13 Mayıs 2014’te Türkiye, Soma Maden Katliamı ile sarsılmıştı. Sonradan ortaya çıka(rtıla)n gerçekler açıkça gösterdi ki çalışma koşulları çağ dışı, güvenlik önlemleri alabildiğince yetersiz. Denetim yükümlülüğü olan devletin görevlileri, maden şirketlerinin memurları gibi gibi çalışmış ve “her şey tıkır tıkır” raporları vermişler vd. Bütün bunlar yitirilen madencilerin de aslında güvenliksiz işyerlerinde nasıl bile bile ölüme gönderildiğini kanıtlıyor, içimizi daha da kanatıyordu. Ve ben yine “bir dayanışma üretebilme” “darlanmalarına” tutuluyordum. Günler geçiyor ve kurtarma çalışmaları sırasında yaşananlar durumun vehametini iyice artırıyordu.

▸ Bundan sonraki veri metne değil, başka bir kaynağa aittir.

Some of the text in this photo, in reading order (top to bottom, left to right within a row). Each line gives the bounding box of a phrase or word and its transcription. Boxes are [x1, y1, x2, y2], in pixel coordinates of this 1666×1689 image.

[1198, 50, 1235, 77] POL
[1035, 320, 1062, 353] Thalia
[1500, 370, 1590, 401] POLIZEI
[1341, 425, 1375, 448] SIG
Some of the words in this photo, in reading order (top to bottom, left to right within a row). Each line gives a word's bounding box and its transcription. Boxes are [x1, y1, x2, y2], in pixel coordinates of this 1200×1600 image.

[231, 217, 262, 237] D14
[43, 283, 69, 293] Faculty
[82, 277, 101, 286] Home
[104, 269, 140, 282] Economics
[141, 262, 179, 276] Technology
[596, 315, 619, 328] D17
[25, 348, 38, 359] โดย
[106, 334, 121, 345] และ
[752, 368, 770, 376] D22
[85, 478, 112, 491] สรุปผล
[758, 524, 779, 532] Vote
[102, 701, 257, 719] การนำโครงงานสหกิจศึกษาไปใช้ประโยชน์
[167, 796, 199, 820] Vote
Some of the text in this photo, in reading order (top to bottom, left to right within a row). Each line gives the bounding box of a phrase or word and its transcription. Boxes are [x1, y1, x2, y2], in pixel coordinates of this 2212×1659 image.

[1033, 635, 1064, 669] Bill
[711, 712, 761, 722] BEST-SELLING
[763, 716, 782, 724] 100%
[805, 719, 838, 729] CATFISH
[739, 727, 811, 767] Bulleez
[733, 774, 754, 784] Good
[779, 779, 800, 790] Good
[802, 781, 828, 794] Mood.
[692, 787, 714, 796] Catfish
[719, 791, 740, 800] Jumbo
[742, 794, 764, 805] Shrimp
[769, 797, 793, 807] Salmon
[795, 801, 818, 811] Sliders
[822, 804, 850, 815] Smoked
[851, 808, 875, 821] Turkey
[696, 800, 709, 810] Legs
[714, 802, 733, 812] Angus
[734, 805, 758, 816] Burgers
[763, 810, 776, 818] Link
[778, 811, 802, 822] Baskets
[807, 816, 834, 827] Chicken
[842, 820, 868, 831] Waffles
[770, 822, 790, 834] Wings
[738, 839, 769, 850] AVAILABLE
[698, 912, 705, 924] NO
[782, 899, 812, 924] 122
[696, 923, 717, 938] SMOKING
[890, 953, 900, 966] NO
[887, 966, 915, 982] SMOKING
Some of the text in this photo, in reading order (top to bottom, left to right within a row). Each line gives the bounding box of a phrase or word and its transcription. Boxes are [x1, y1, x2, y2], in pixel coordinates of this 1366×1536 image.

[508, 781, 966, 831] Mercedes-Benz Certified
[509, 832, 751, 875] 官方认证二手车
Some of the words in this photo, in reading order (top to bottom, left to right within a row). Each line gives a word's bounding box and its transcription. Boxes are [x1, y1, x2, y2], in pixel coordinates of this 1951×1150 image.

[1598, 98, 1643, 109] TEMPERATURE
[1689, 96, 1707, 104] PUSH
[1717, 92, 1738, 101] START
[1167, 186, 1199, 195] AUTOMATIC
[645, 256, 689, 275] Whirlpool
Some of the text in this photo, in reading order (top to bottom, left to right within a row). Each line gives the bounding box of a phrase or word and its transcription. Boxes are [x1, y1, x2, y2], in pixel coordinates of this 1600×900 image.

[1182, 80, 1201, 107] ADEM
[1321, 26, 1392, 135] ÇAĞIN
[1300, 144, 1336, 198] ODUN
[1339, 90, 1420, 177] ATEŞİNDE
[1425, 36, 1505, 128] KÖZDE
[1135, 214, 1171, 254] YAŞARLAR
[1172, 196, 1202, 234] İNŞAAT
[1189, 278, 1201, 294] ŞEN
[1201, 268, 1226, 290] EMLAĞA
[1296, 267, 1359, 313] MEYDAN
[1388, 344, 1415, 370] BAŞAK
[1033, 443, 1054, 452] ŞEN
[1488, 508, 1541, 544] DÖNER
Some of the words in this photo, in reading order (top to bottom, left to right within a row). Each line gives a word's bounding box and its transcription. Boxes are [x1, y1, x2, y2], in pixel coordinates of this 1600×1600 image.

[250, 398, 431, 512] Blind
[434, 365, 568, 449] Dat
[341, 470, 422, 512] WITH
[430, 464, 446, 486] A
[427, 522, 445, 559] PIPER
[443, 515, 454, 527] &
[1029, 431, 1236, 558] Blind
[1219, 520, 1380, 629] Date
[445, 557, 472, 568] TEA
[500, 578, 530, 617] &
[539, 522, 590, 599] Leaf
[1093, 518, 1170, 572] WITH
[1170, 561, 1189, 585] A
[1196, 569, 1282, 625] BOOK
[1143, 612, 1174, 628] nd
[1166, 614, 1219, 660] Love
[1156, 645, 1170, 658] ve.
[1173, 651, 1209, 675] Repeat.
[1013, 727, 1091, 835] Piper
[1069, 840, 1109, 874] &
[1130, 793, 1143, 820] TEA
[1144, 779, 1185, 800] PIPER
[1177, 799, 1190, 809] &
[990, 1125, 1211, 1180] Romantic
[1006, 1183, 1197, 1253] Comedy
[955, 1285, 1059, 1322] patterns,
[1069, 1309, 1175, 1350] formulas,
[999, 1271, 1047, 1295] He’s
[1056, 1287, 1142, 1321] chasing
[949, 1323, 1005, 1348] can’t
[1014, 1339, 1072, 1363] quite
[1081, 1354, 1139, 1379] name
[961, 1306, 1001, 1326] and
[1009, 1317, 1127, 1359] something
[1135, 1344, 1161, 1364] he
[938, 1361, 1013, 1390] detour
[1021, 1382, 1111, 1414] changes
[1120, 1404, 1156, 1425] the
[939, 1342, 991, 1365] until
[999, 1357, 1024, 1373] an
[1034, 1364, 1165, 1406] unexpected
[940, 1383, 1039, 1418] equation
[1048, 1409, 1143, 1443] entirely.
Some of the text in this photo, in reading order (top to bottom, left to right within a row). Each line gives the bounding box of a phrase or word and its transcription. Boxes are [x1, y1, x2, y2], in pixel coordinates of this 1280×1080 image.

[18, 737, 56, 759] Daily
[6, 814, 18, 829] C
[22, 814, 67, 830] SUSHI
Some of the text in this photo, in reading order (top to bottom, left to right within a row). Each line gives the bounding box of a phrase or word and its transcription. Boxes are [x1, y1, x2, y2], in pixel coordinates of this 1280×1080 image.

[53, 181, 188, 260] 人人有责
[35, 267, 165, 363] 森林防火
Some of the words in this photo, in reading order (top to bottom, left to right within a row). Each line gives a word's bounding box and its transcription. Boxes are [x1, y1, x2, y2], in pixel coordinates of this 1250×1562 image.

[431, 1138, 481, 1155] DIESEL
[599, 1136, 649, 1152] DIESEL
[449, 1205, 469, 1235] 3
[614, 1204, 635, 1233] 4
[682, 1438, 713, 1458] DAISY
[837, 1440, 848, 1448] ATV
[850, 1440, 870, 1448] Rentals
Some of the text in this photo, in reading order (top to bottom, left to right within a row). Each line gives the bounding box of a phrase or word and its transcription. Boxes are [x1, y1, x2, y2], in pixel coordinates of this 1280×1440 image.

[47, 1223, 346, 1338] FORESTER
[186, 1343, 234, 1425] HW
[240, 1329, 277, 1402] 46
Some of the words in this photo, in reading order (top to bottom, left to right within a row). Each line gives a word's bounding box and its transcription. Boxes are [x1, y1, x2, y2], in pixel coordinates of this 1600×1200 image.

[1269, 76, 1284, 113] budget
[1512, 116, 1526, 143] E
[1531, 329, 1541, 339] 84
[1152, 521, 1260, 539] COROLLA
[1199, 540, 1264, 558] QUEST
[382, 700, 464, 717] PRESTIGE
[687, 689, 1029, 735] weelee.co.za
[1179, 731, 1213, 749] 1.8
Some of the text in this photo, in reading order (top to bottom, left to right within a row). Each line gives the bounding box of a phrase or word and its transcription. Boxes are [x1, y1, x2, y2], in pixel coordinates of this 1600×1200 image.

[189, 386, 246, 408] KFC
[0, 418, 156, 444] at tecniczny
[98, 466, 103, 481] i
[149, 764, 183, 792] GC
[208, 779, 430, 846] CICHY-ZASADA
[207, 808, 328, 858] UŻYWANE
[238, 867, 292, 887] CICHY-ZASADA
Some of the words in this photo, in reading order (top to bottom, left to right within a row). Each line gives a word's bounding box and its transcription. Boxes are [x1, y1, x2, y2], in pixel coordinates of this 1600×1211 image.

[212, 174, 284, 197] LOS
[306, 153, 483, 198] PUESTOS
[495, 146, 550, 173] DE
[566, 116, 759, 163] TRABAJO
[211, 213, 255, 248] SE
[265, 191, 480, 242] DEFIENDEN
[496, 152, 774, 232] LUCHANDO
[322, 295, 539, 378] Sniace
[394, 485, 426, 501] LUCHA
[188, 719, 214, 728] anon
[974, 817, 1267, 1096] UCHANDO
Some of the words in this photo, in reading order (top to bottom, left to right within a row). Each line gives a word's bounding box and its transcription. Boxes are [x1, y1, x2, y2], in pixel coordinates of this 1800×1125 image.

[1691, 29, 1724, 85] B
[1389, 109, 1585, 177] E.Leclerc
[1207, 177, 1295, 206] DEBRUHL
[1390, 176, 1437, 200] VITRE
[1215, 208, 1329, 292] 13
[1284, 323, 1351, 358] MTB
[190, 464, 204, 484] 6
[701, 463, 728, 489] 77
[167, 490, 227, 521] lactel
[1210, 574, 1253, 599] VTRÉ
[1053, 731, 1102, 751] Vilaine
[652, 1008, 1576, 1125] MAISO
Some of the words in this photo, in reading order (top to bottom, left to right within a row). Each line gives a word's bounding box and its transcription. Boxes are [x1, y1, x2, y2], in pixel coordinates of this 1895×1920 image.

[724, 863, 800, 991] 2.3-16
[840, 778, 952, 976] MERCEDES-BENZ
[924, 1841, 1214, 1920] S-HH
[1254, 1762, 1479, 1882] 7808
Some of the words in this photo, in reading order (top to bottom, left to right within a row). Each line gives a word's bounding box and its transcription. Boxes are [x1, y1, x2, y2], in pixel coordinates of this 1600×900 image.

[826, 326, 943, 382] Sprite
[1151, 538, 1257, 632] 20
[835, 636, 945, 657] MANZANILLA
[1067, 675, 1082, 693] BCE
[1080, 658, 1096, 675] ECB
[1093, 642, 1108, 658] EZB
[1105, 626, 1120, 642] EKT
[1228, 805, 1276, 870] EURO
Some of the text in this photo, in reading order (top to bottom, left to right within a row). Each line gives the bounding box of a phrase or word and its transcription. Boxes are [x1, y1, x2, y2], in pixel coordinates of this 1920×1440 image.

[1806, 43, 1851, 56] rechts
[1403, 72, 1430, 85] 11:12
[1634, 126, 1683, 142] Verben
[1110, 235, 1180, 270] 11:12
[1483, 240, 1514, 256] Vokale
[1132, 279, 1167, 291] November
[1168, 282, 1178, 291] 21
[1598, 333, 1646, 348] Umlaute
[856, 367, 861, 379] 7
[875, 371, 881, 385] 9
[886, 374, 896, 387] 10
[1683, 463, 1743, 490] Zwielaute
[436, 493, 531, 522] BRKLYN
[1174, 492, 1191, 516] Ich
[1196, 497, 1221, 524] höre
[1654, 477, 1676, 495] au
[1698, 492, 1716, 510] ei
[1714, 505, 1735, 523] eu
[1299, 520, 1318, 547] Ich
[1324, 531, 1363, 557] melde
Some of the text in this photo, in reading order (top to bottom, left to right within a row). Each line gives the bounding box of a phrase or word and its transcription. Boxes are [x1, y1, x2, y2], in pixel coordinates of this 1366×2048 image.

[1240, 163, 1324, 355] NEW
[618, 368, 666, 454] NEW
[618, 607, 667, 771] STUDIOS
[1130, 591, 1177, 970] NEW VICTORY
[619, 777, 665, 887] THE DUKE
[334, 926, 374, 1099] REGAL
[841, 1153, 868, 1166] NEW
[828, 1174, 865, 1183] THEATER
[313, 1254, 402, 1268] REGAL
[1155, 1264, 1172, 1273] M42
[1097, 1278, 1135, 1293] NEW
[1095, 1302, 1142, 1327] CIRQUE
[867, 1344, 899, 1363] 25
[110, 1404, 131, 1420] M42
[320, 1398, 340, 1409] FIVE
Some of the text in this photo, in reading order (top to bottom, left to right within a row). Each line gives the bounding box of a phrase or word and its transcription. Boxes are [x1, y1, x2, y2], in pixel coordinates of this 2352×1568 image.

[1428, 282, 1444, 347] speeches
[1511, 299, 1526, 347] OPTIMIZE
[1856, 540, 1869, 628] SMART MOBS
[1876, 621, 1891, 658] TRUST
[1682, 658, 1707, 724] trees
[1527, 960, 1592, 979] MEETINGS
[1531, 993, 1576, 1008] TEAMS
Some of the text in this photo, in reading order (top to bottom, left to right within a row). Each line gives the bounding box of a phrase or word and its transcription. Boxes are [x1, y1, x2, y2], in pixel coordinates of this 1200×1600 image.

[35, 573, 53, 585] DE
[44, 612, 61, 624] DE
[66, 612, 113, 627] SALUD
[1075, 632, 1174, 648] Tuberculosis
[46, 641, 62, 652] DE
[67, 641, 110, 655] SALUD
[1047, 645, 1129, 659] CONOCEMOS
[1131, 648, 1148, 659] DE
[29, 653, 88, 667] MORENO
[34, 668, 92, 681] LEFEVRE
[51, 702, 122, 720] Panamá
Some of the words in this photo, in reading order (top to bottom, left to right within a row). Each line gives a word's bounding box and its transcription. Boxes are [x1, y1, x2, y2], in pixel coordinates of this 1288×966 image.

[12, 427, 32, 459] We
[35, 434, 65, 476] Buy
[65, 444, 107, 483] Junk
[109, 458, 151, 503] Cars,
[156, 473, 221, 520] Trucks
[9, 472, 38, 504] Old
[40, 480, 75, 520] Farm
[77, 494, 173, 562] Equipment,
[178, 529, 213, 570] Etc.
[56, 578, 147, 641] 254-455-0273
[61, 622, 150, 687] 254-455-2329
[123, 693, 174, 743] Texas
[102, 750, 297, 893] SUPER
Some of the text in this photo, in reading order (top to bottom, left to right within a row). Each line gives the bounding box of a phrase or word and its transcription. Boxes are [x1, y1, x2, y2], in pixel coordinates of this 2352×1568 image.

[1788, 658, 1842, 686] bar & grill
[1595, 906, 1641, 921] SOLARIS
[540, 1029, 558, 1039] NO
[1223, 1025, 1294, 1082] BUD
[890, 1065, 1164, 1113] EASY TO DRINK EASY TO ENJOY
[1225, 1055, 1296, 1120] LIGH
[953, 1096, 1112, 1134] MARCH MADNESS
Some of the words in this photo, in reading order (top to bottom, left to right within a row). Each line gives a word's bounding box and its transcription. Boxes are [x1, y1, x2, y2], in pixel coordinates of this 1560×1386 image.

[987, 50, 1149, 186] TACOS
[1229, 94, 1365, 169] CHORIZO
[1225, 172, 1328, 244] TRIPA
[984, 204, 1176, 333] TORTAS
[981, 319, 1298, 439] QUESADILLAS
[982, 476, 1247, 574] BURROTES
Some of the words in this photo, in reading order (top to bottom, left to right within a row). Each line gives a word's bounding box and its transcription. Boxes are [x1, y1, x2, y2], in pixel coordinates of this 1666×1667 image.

Bu süreçte yavaş yavaş ne yapabileceğim de belirginleşiyordu kafamda. İlk uzun teneffüste bir paket kömür almaya yetiştim. Öğle yemeğinde bir kürek ve bir baret almaya da yetti zamanım. Sergel Meydanı’na gidecektim her zaman olduğu gibi. Metronun merkez bağlantı durağının çıkışı oraya açılır ve iş çıkışı saatlerinde oldukça kalabalık olur. Yine sosyal medya hesabımdan duyurdum. Çok umutlu değilim katılımdan, fazla da sorun etmiyordum zaten artık o tarafını. Kardeş, arkadaş, tanıdık on kadar kadın geldi. Dövizlerimi filan hazırlamıştım. Bir arkadaşın yardımıyla yüzümü kömür tozuyla karaya boyadım. Bir süre meydanda birlikte durduk, dolaştık. Bir süre ölmüş bir madenci gibi yere uzandım. Meydanda birçok Türkiyeli de geldi yanımıza, duygudaşlık ettiler. Amacımız katliamı gündemin üst sıralarına taşıyabilmek, Soma Maden Katliamı’nı görünür, duyulur kılabilmek ve bir dayanışma duygusu yaratabilmekti.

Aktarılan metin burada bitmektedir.